--- START ---

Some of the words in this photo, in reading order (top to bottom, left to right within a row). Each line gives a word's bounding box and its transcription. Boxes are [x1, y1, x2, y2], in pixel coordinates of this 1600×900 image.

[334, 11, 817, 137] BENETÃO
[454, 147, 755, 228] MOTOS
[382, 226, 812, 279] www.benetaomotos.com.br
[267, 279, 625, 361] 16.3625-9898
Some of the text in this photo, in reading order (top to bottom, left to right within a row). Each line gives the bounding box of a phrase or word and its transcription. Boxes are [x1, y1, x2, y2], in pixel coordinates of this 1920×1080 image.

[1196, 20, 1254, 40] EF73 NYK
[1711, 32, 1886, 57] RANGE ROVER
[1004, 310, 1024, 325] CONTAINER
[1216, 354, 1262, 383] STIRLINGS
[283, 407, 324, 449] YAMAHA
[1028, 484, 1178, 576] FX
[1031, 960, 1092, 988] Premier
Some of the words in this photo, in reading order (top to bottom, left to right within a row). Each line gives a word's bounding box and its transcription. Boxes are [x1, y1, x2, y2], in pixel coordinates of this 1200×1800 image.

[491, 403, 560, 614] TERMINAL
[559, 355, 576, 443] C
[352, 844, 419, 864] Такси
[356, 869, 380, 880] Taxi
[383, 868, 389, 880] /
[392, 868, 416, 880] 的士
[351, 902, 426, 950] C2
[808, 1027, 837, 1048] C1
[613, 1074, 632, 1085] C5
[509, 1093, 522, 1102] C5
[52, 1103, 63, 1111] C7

--- END ---

Copy the records above. Keep every word as it is.

Some of the words in this photo, in reading order (top to bottom, left to right within a row). Each line gives a word's bounding box and its transcription. Boxes are [x1, y1, x2, y2], in pixel coordinates of this 1600×900 image.

[334, 11, 817, 137] BENETÃO
[454, 147, 755, 228] MOTOS
[382, 226, 812, 279] www.benetaomotos.com.br
[267, 279, 625, 361] 16.3625-9898
Some of the text in this photo, in reading order (top to bottom, left to right within a row). Each line gives the bounding box of a phrase or word and its transcription. Boxes are [x1, y1, x2, y2], in pixel coordinates of this 1920×1080 image.

[1196, 20, 1254, 40] EF73 NYK
[1711, 32, 1886, 57] RANGE ROVER
[1004, 310, 1024, 325] CONTAINER
[1216, 354, 1262, 383] STIRLINGS
[283, 407, 324, 449] YAMAHA
[1028, 484, 1178, 576] FX
[1031, 960, 1092, 988] Premier
Some of the words in this photo, in reading order (top to bottom, left to right within a row). Each line gives a word's bounding box and its transcription. Boxes are [x1, y1, x2, y2], in pixel coordinates of this 1200×1800 image.

[491, 403, 560, 614] TERMINAL
[559, 355, 576, 443] C
[352, 844, 419, 864] Такси
[356, 869, 380, 880] Taxi
[383, 868, 389, 880] /
[392, 868, 416, 880] 的士
[351, 902, 426, 950] C2
[808, 1027, 837, 1048] C1
[613, 1074, 632, 1085] C5
[509, 1093, 522, 1102] C5
[52, 1103, 63, 1111] C7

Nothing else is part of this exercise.